(Annotated photo localization data)
-=-=-

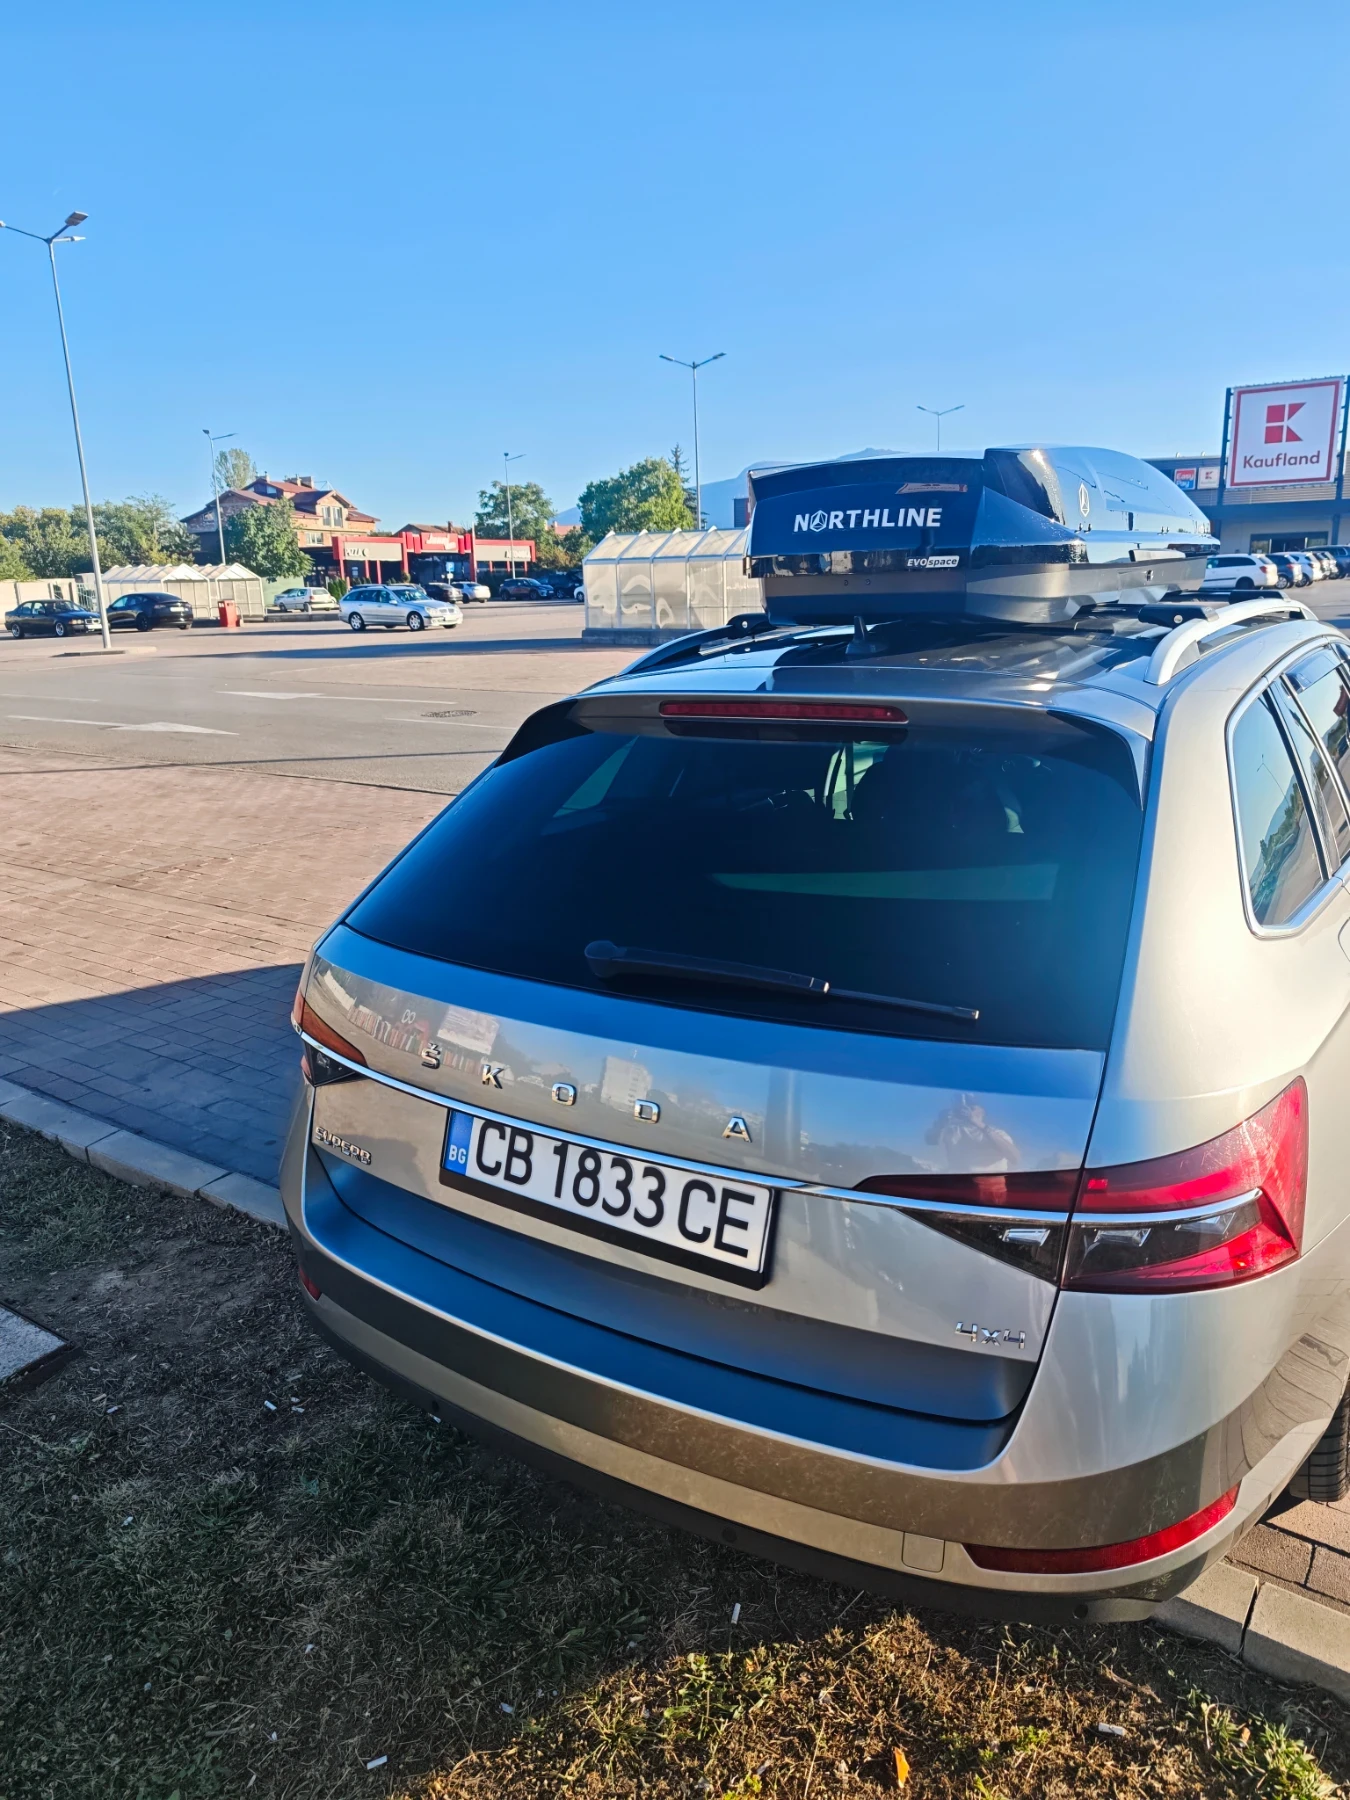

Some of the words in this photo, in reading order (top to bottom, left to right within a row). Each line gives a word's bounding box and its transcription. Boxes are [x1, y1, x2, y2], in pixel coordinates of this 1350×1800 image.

[1243, 450, 1320, 468] Kaufland
[794, 507, 942, 533] NORTHLINE
[421, 1042, 752, 1142] ŠKODA
[315, 1126, 371, 1165] SUPERB
[448, 1145, 466, 1165] BG
[476, 1119, 534, 1185] CB
[553, 1141, 666, 1227] 1833
[678, 1179, 755, 1258] CE
[955, 1322, 1026, 1349] 4x4
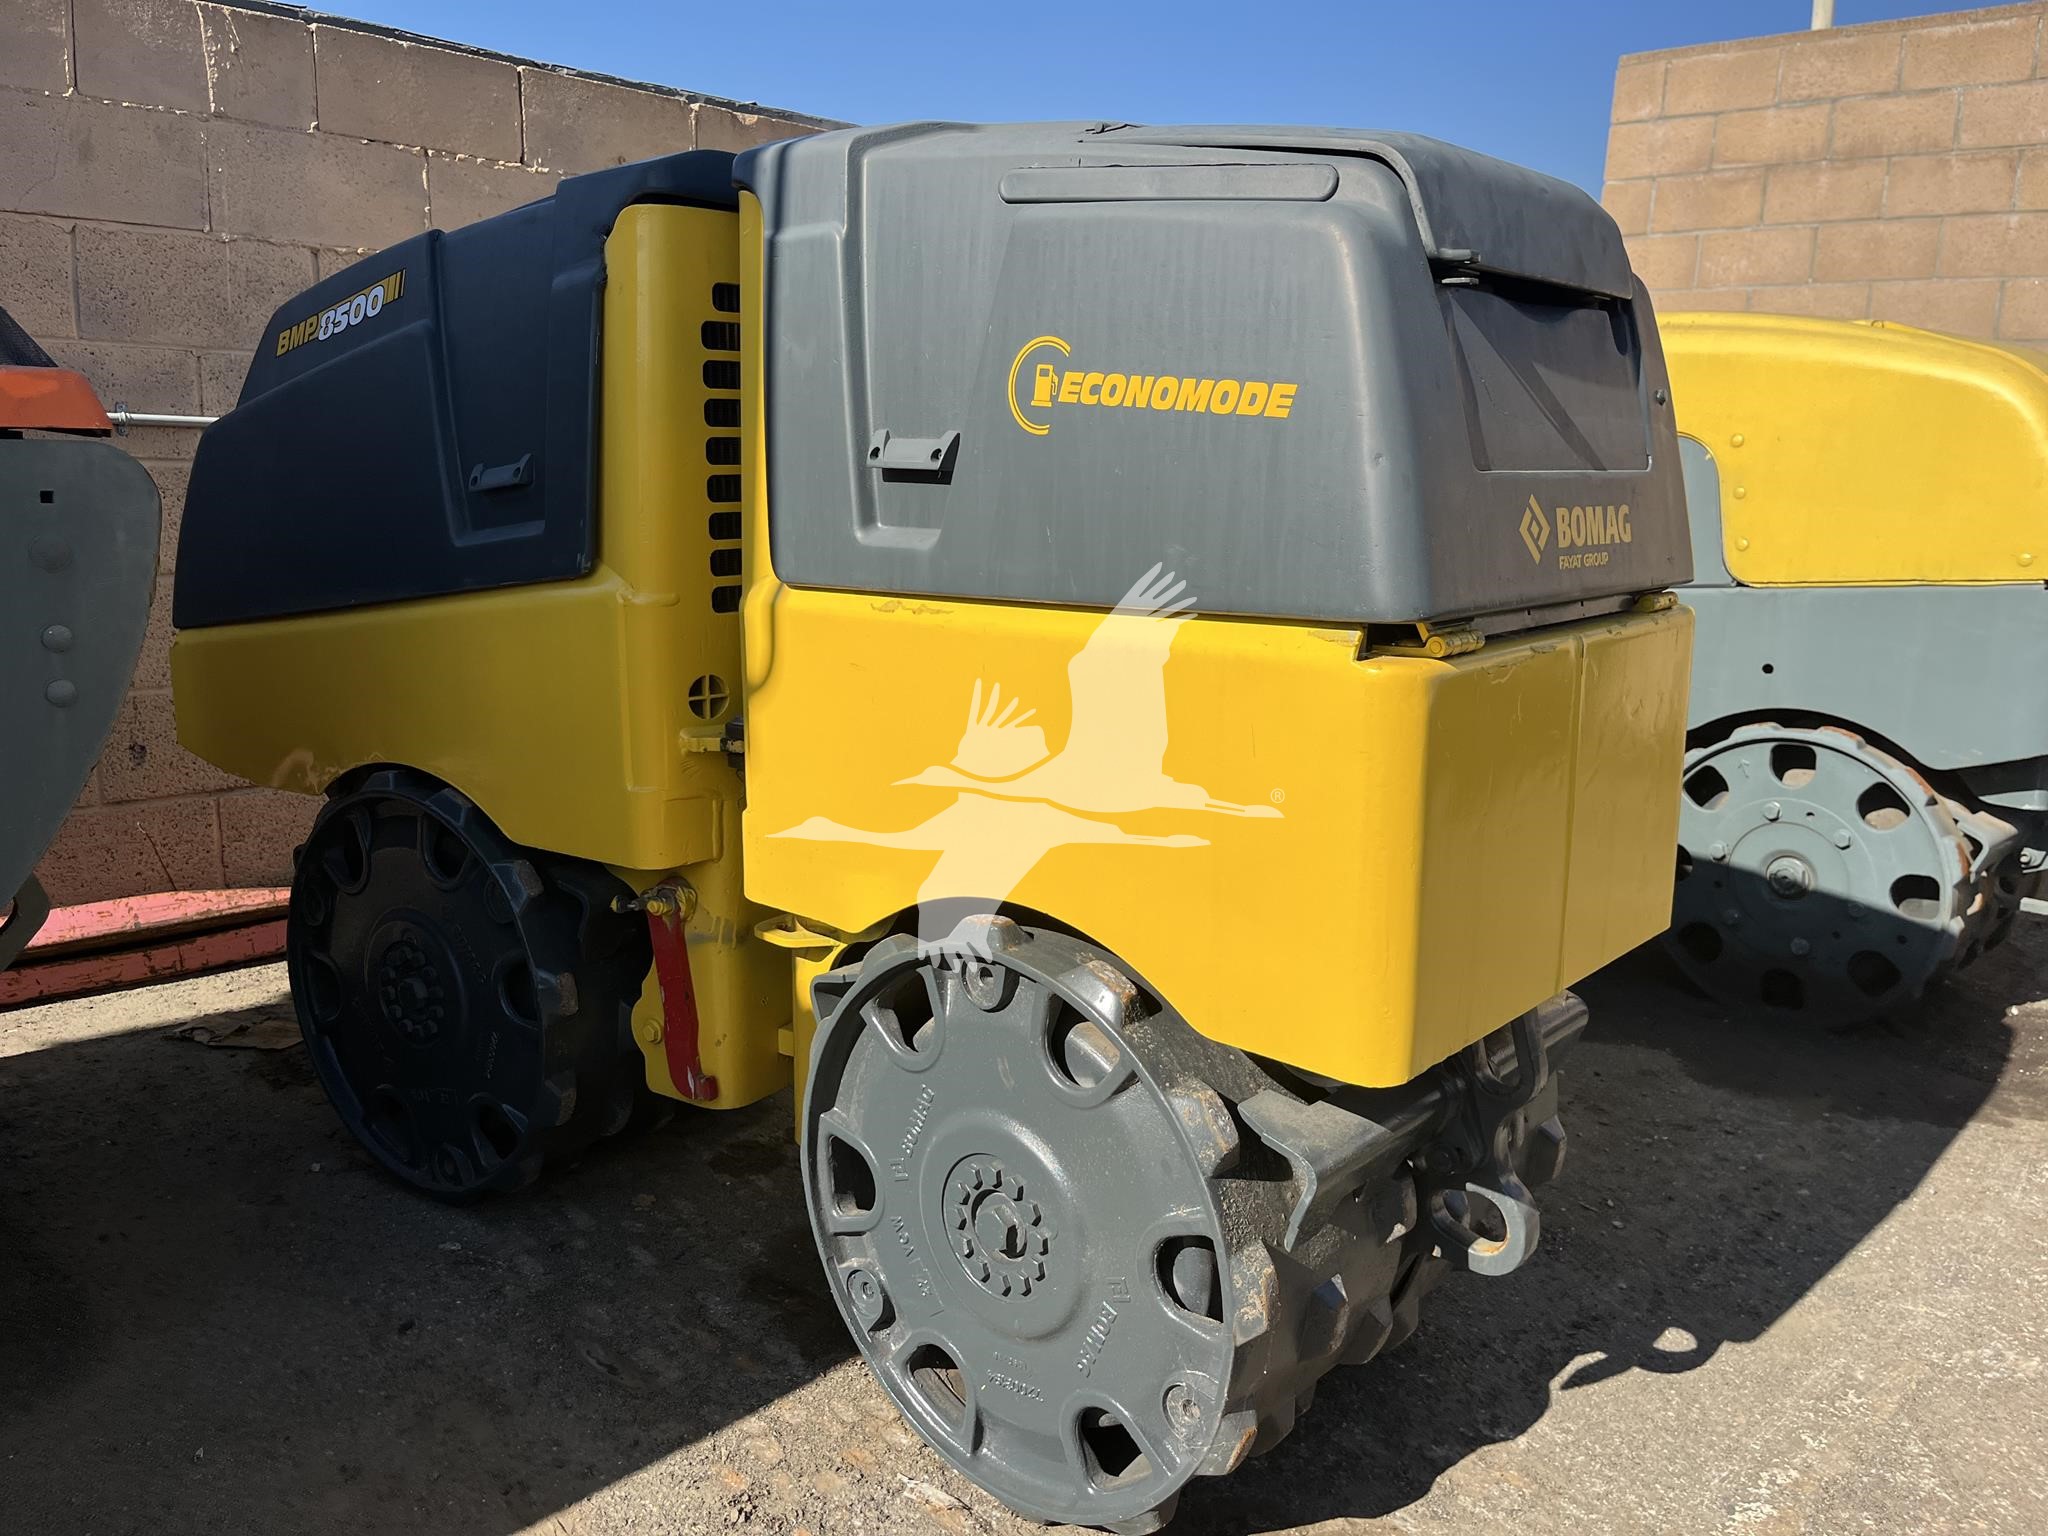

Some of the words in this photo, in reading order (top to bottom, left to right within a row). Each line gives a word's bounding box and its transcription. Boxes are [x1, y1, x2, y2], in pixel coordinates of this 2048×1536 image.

[1058, 371, 1298, 418] ECONOMODE
[1556, 504, 1632, 548] BOMAG
[1560, 554, 1582, 570] FAYAT
[1583, 552, 1609, 567] GROUP
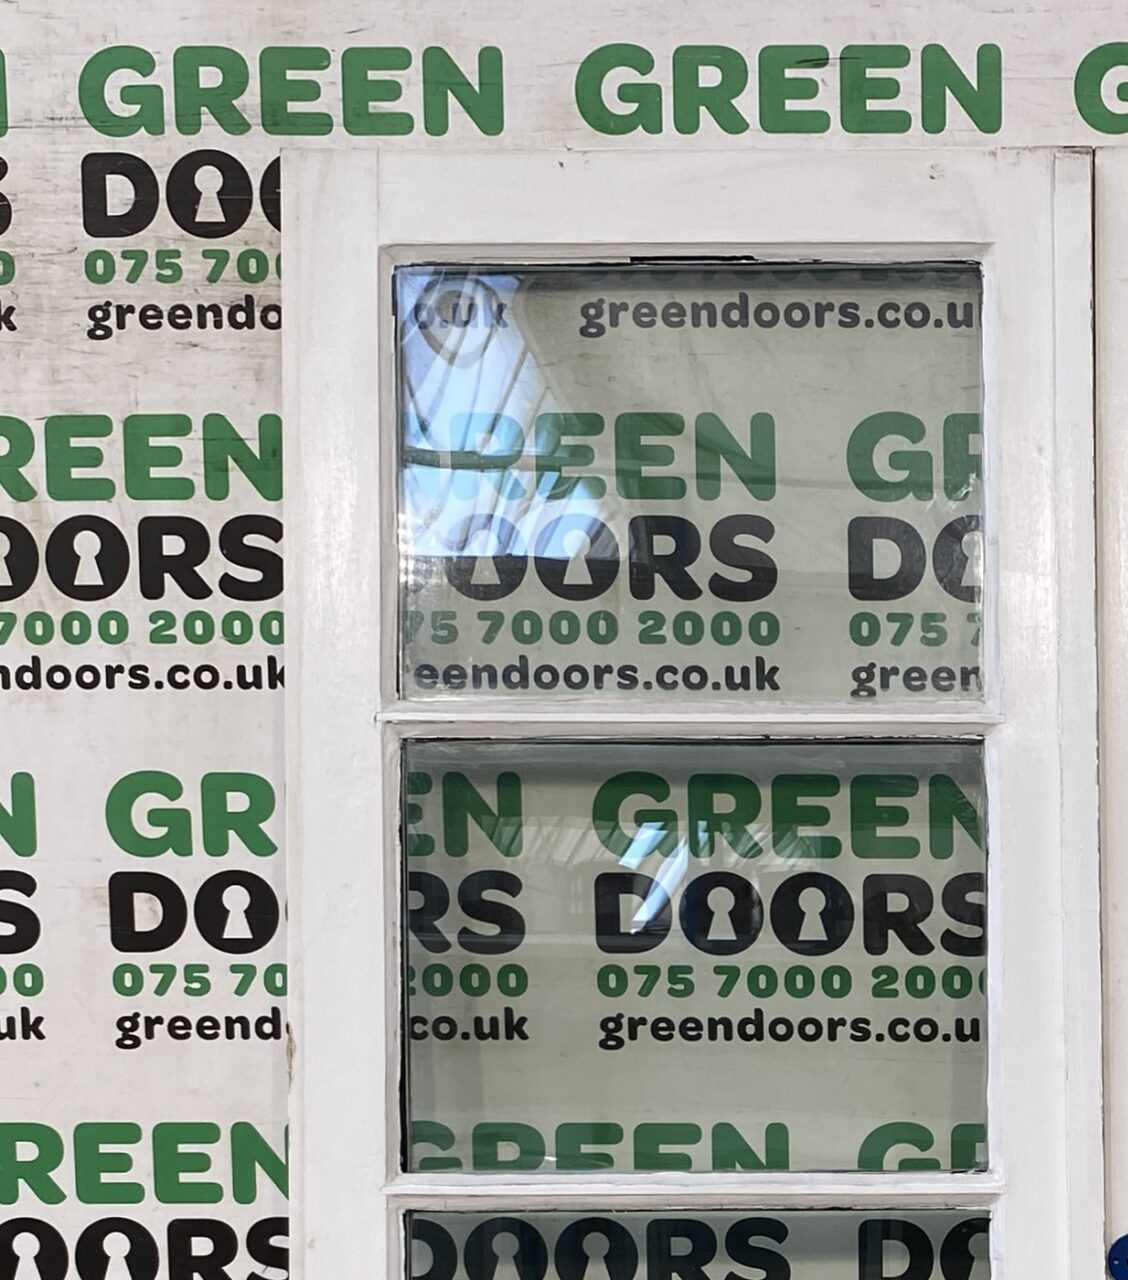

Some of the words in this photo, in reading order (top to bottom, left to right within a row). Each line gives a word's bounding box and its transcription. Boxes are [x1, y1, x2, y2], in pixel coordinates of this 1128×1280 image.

[78, 45, 504, 136] GREEN
[574, 43, 1002, 134] GREEN
[85, 249, 184, 285] 075
[201, 249, 282, 284] 70
[579, 294, 982, 338] greendoors.co.u
[447, 514, 778, 602] OORS
[149, 611, 284, 645] 2000
[478, 610, 619, 645] 7000
[638, 610, 780, 645] 2000
[850, 611, 948, 646] 075
[414, 656, 780, 692] eendoors.co.uk
[112, 964, 210, 998] 075
[229, 964, 288, 998] 70
[408, 964, 529, 998] 000
[598, 965, 695, 998] 075
[712, 965, 851, 999] 7000
[871, 965, 985, 999] 200
[599, 1009, 980, 1050] greendoors.co.u
[0, 1122, 289, 1205] REEN

-=-=-

# What the task requires:
Leave the pictures out and print the records above exactly as they stand.

# Finished exercise:
Some of the words in this photo, in reading order (top to bottom, left to right within a row). Each line gives a word's bounding box and its transcription. Boxes are [x1, y1, x2, y2], in pixel coordinates of this 1350×1800 image.

[1243, 450, 1320, 468] Kaufland
[794, 507, 942, 533] NORTHLINE
[421, 1042, 752, 1142] ŠKODA
[315, 1126, 371, 1165] SUPERB
[448, 1145, 466, 1165] BG
[476, 1119, 534, 1185] CB
[553, 1141, 666, 1227] 1833
[678, 1179, 755, 1258] CE
[955, 1322, 1026, 1349] 4x4

Some of the words in this photo, in reading order (top to bottom, left to right within a row). Each line gives a word's bounding box and its transcription. Boxes are [x1, y1, x2, y2], in pixel coordinates of this 2048×1536 image.

[1058, 371, 1298, 418] ECONOMODE
[1556, 504, 1632, 548] BOMAG
[1560, 554, 1582, 570] FAYAT
[1583, 552, 1609, 567] GROUP

Some of the words in this photo, in reading order (top to bottom, left to right within a row). Each line gives a word's bounding box and its transcription. Boxes are [x1, y1, x2, y2], in pixel coordinates of this 1128×1280 image.

[78, 45, 504, 136] GREEN
[574, 43, 1002, 134] GREEN
[85, 249, 184, 285] 075
[201, 249, 282, 284] 70
[579, 294, 982, 338] greendoors.co.u
[447, 514, 778, 602] OORS
[149, 611, 284, 645] 2000
[478, 610, 619, 645] 7000
[638, 610, 780, 645] 2000
[850, 611, 948, 646] 075
[414, 656, 780, 692] eendoors.co.uk
[112, 964, 210, 998] 075
[229, 964, 288, 998] 70
[408, 964, 529, 998] 000
[598, 965, 695, 998] 075
[712, 965, 851, 999] 7000
[871, 965, 985, 999] 200
[599, 1009, 980, 1050] greendoors.co.u
[0, 1122, 289, 1205] REEN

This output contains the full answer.